Assigned task: Go through the records and copy each line where the word "Confucianism" occurs.

Given data:
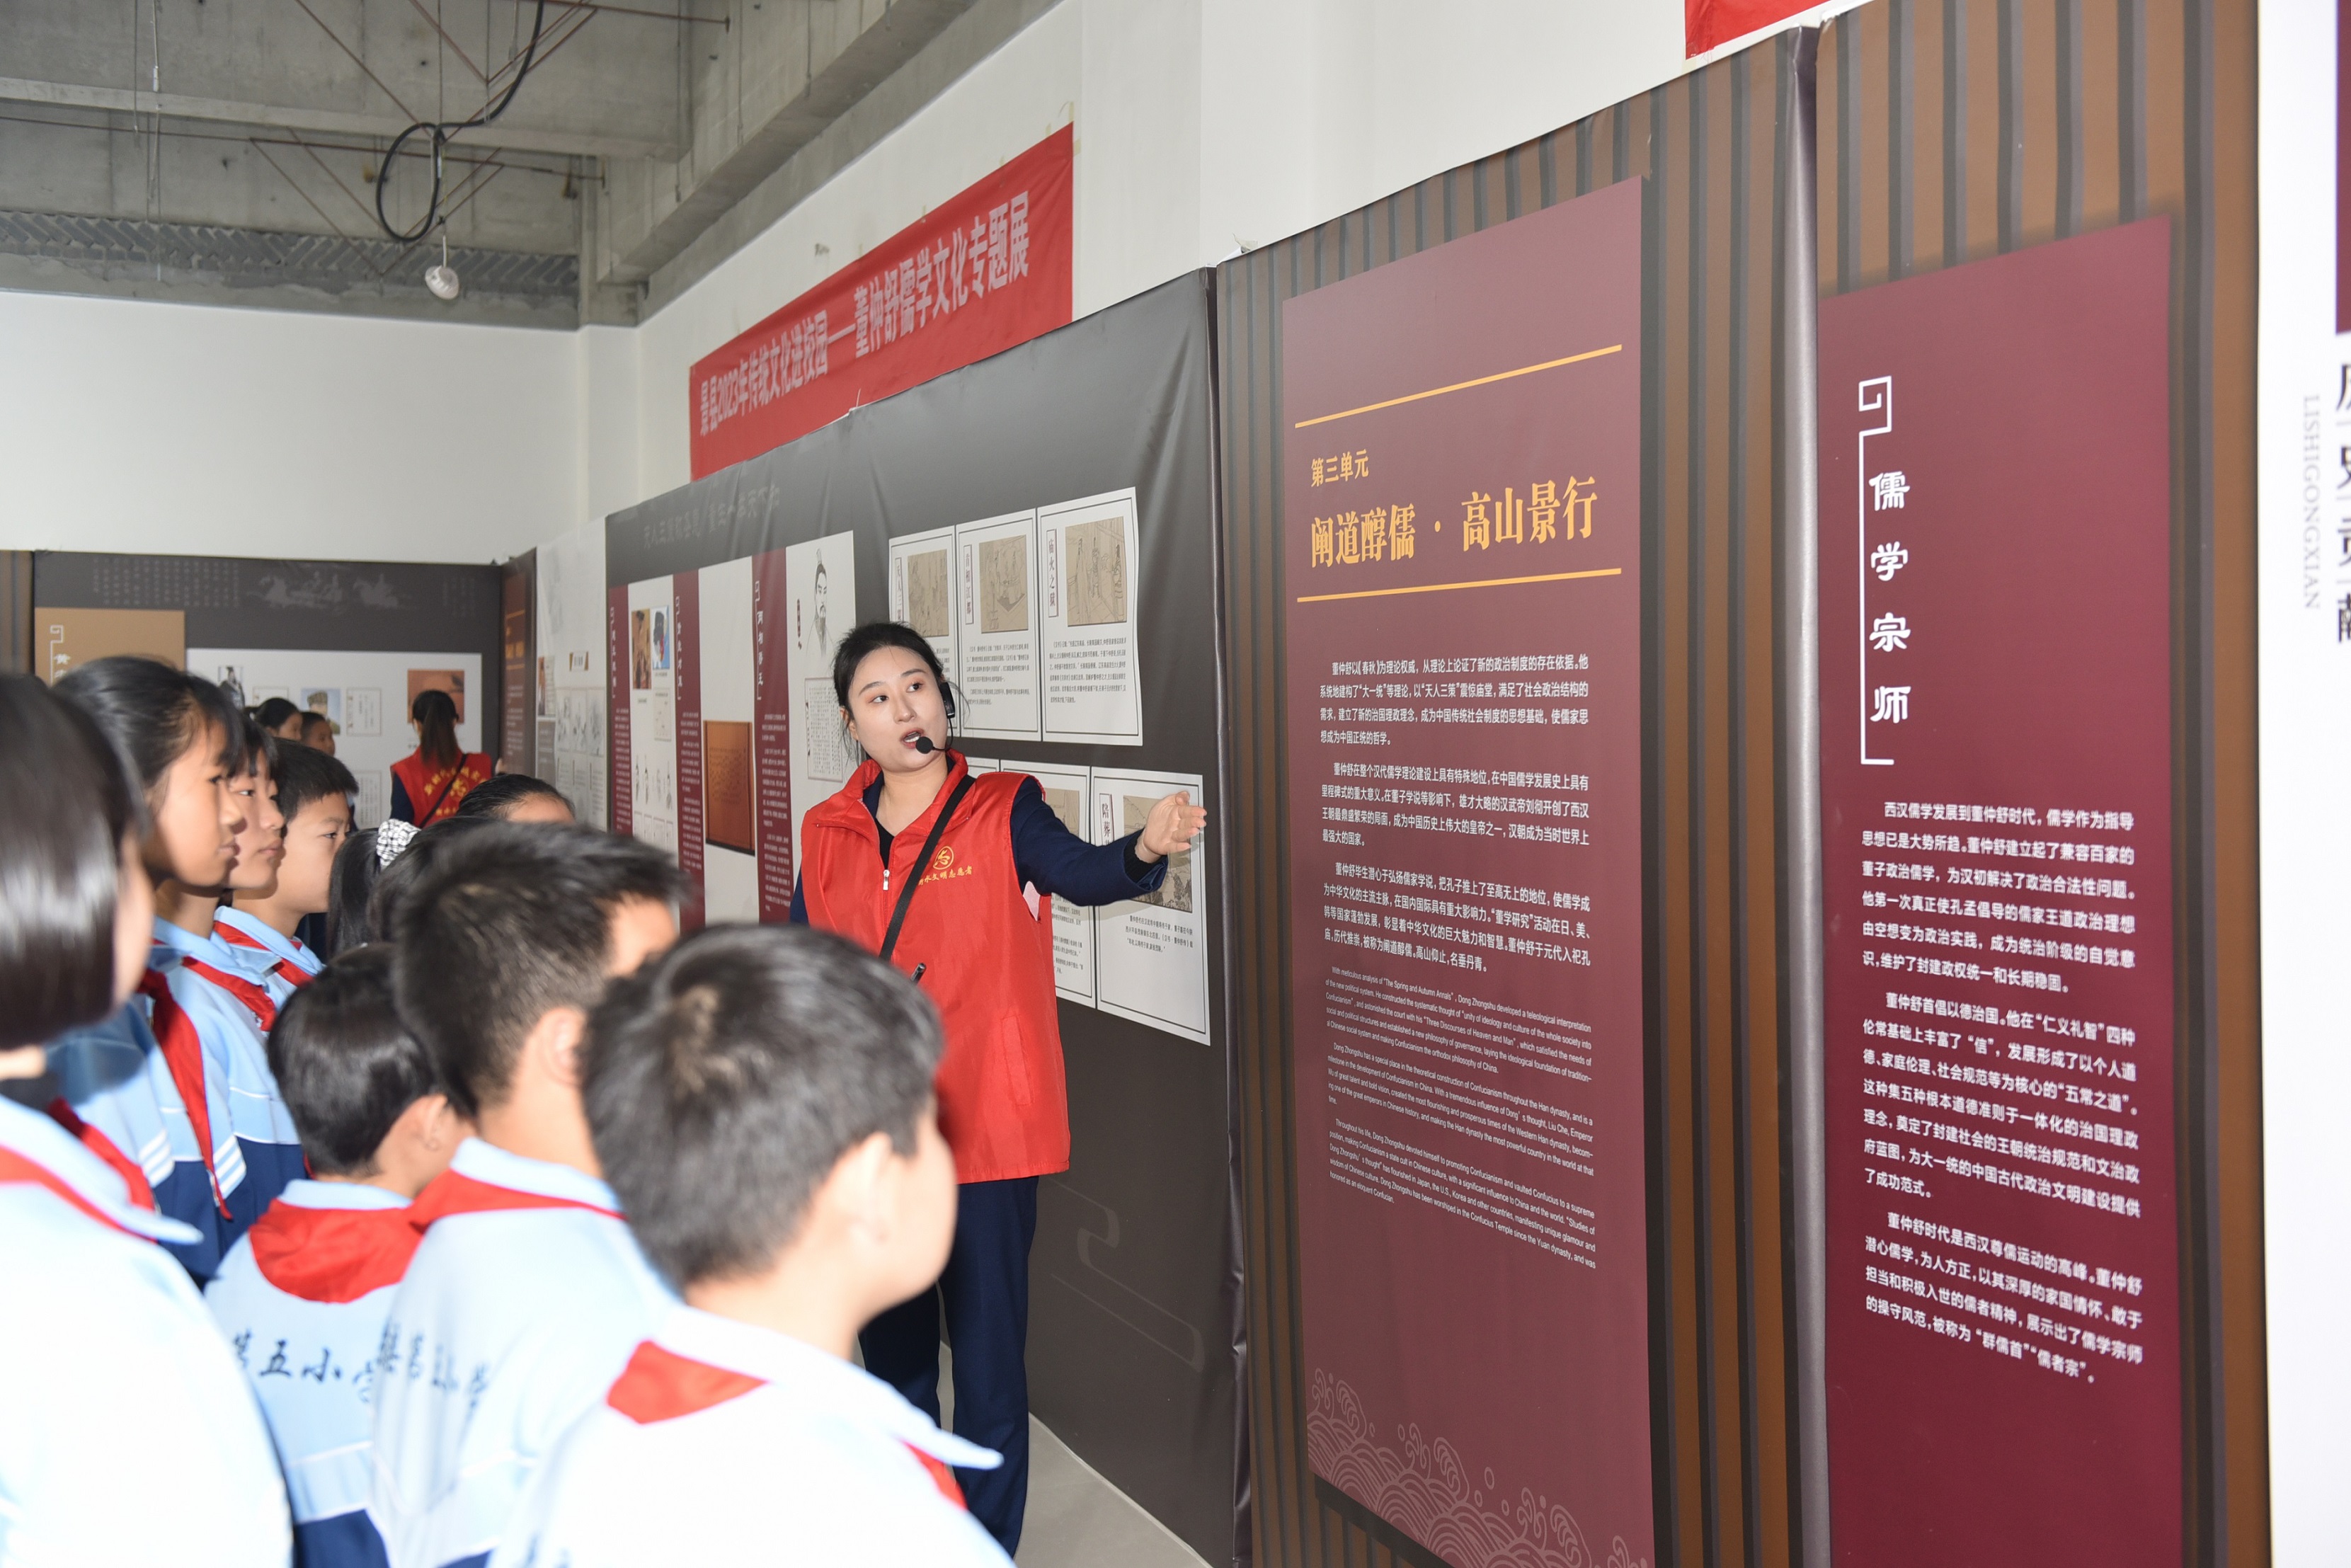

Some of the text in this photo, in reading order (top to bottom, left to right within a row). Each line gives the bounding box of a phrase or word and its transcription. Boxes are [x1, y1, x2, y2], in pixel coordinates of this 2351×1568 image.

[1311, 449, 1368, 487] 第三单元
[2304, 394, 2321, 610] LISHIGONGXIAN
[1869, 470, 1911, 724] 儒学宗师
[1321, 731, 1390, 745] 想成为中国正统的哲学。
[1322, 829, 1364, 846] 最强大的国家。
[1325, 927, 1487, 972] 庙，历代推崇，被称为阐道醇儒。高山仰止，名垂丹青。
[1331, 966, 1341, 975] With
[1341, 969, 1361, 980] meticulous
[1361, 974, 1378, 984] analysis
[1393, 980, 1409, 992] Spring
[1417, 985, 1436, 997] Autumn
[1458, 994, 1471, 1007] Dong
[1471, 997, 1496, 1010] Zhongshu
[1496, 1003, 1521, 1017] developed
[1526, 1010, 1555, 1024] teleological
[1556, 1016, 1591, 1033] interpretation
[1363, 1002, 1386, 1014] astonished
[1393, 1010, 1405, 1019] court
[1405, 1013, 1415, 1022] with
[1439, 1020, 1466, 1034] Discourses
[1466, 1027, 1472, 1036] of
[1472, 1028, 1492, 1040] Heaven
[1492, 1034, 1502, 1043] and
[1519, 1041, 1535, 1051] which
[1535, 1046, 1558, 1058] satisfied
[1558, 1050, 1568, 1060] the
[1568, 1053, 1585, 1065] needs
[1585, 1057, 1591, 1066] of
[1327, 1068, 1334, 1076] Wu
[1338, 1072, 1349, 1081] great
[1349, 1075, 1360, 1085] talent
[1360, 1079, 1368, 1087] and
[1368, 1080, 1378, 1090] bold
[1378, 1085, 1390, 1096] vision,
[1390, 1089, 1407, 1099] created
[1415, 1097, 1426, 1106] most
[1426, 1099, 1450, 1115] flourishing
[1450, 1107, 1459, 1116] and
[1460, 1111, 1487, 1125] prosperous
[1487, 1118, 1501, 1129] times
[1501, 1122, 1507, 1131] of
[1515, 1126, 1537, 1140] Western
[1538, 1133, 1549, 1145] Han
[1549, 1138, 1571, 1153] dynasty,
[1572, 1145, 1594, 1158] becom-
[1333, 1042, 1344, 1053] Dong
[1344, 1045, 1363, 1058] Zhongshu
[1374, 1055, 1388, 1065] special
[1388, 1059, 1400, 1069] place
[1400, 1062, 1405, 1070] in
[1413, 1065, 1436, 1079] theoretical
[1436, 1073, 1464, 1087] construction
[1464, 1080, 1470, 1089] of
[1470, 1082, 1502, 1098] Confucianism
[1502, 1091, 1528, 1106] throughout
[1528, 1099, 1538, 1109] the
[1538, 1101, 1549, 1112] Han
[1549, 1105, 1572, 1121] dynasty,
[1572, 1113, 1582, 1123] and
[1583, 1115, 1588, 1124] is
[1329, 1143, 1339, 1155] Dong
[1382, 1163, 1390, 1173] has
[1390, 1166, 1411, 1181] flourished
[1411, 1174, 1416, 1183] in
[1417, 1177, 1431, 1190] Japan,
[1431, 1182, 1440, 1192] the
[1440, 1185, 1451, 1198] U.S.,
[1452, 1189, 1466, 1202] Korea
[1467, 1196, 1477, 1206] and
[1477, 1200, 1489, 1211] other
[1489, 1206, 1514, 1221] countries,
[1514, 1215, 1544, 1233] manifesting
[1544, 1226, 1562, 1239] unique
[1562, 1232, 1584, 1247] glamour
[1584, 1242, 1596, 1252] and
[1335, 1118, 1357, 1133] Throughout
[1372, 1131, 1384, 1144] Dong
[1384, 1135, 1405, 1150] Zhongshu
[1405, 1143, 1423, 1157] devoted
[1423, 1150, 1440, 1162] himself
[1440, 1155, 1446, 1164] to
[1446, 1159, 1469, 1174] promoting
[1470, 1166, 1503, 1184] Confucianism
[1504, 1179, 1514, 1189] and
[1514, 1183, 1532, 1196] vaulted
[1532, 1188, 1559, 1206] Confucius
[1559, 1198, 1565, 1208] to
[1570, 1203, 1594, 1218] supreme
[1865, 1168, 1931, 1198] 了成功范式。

Solved problem:
[1470, 1082, 1502, 1098] Confucianism
[1470, 1166, 1503, 1184] Confucianism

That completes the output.